[SUPPLIED DATA]
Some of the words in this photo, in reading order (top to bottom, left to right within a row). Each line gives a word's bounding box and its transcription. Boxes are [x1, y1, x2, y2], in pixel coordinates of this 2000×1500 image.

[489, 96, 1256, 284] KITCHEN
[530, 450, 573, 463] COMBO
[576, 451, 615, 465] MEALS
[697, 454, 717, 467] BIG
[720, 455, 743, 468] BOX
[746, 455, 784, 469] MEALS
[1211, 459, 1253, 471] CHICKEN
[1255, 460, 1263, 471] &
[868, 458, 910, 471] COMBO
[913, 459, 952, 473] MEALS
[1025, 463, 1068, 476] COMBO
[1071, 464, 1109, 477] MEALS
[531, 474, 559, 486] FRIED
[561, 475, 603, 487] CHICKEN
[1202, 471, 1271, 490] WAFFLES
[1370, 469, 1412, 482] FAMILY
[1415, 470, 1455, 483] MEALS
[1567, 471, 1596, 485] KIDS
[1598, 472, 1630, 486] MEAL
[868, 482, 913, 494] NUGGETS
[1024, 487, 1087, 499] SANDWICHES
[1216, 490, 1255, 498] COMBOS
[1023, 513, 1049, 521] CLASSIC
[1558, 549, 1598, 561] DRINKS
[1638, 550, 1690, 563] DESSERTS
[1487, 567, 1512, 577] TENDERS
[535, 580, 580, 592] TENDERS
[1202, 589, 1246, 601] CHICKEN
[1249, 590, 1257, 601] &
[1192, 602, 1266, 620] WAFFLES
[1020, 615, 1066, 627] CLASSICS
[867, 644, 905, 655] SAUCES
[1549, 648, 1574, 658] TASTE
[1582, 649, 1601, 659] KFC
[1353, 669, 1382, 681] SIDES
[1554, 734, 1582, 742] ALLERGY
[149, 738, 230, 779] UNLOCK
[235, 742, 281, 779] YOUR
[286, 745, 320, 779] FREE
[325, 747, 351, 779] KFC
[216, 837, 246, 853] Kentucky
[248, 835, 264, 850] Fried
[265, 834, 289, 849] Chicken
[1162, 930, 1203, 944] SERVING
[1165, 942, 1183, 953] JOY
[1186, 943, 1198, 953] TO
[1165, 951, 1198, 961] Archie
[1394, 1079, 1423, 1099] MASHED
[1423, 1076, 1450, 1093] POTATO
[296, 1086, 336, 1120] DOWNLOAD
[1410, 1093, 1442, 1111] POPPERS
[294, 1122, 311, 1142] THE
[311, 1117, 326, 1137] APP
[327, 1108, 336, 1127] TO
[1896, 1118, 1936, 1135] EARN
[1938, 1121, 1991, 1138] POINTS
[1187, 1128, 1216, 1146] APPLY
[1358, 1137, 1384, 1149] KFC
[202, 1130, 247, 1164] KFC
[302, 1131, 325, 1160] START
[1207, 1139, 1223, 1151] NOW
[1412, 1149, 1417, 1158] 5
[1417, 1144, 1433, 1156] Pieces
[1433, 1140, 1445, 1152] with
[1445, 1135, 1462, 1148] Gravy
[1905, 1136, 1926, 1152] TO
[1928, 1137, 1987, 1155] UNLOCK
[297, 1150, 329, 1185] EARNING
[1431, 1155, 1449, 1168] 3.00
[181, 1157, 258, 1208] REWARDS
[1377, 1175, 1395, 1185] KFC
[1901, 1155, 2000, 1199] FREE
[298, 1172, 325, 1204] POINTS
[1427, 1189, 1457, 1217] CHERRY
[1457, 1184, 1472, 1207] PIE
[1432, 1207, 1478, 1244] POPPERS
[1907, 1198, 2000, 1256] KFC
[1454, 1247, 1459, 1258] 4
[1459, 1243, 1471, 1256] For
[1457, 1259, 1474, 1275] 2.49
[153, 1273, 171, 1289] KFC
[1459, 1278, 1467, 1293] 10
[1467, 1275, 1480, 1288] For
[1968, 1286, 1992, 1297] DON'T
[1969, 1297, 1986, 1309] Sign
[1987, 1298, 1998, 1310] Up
[/SUPPLIED DATA]
DIRECTIONS FOR THIS TASK –
Copy out all of the listing, exactly as it reads.

RESULT OF THE EXERCISE –
Some of the words in this photo, in reading order (top to bottom, left to right within a row). Each line gives a word's bounding box and its transcription. Boxes are [x1, y1, x2, y2], in pixel coordinates of this 2000×1500 image.

[489, 96, 1256, 284] KITCHEN
[530, 450, 573, 463] COMBO
[576, 451, 615, 465] MEALS
[697, 454, 717, 467] BIG
[720, 455, 743, 468] BOX
[746, 455, 784, 469] MEALS
[1211, 459, 1253, 471] CHICKEN
[1255, 460, 1263, 471] &
[868, 458, 910, 471] COMBO
[913, 459, 952, 473] MEALS
[1025, 463, 1068, 476] COMBO
[1071, 464, 1109, 477] MEALS
[531, 474, 559, 486] FRIED
[561, 475, 603, 487] CHICKEN
[1202, 471, 1271, 490] WAFFLES
[1370, 469, 1412, 482] FAMILY
[1415, 470, 1455, 483] MEALS
[1567, 471, 1596, 485] KIDS
[1598, 472, 1630, 486] MEAL
[868, 482, 913, 494] NUGGETS
[1024, 487, 1087, 499] SANDWICHES
[1216, 490, 1255, 498] COMBOS
[1023, 513, 1049, 521] CLASSIC
[1558, 549, 1598, 561] DRINKS
[1638, 550, 1690, 563] DESSERTS
[1487, 567, 1512, 577] TENDERS
[535, 580, 580, 592] TENDERS
[1202, 589, 1246, 601] CHICKEN
[1249, 590, 1257, 601] &
[1192, 602, 1266, 620] WAFFLES
[1020, 615, 1066, 627] CLASSICS
[867, 644, 905, 655] SAUCES
[1549, 648, 1574, 658] TASTE
[1582, 649, 1601, 659] KFC
[1353, 669, 1382, 681] SIDES
[1554, 734, 1582, 742] ALLERGY
[149, 738, 230, 779] UNLOCK
[235, 742, 281, 779] YOUR
[286, 745, 320, 779] FREE
[325, 747, 351, 779] KFC
[216, 837, 246, 853] Kentucky
[248, 835, 264, 850] Fried
[265, 834, 289, 849] Chicken
[1162, 930, 1203, 944] SERVING
[1165, 942, 1183, 953] JOY
[1186, 943, 1198, 953] TO
[1165, 951, 1198, 961] Archie
[1394, 1079, 1423, 1099] MASHED
[1423, 1076, 1450, 1093] POTATO
[296, 1086, 336, 1120] DOWNLOAD
[1410, 1093, 1442, 1111] POPPERS
[294, 1122, 311, 1142] THE
[311, 1117, 326, 1137] APP
[327, 1108, 336, 1127] TO
[1896, 1118, 1936, 1135] EARN
[1938, 1121, 1991, 1138] POINTS
[1187, 1128, 1216, 1146] APPLY
[1358, 1137, 1384, 1149] KFC
[202, 1130, 247, 1164] KFC
[302, 1131, 325, 1160] START
[1207, 1139, 1223, 1151] NOW
[1412, 1149, 1417, 1158] 5
[1417, 1144, 1433, 1156] Pieces
[1433, 1140, 1445, 1152] with
[1445, 1135, 1462, 1148] Gravy
[1905, 1136, 1926, 1152] TO
[1928, 1137, 1987, 1155] UNLOCK
[297, 1150, 329, 1185] EARNING
[1431, 1155, 1449, 1168] 3.00
[181, 1157, 258, 1208] REWARDS
[1377, 1175, 1395, 1185] KFC
[1901, 1155, 2000, 1199] FREE
[298, 1172, 325, 1204] POINTS
[1427, 1189, 1457, 1217] CHERRY
[1457, 1184, 1472, 1207] PIE
[1432, 1207, 1478, 1244] POPPERS
[1907, 1198, 2000, 1256] KFC
[1454, 1247, 1459, 1258] 4
[1459, 1243, 1471, 1256] For
[1457, 1259, 1474, 1275] 2.49
[153, 1273, 171, 1289] KFC
[1459, 1278, 1467, 1293] 10
[1467, 1275, 1480, 1288] For
[1968, 1286, 1992, 1297] DON'T
[1969, 1297, 1986, 1309] Sign
[1987, 1298, 1998, 1310] Up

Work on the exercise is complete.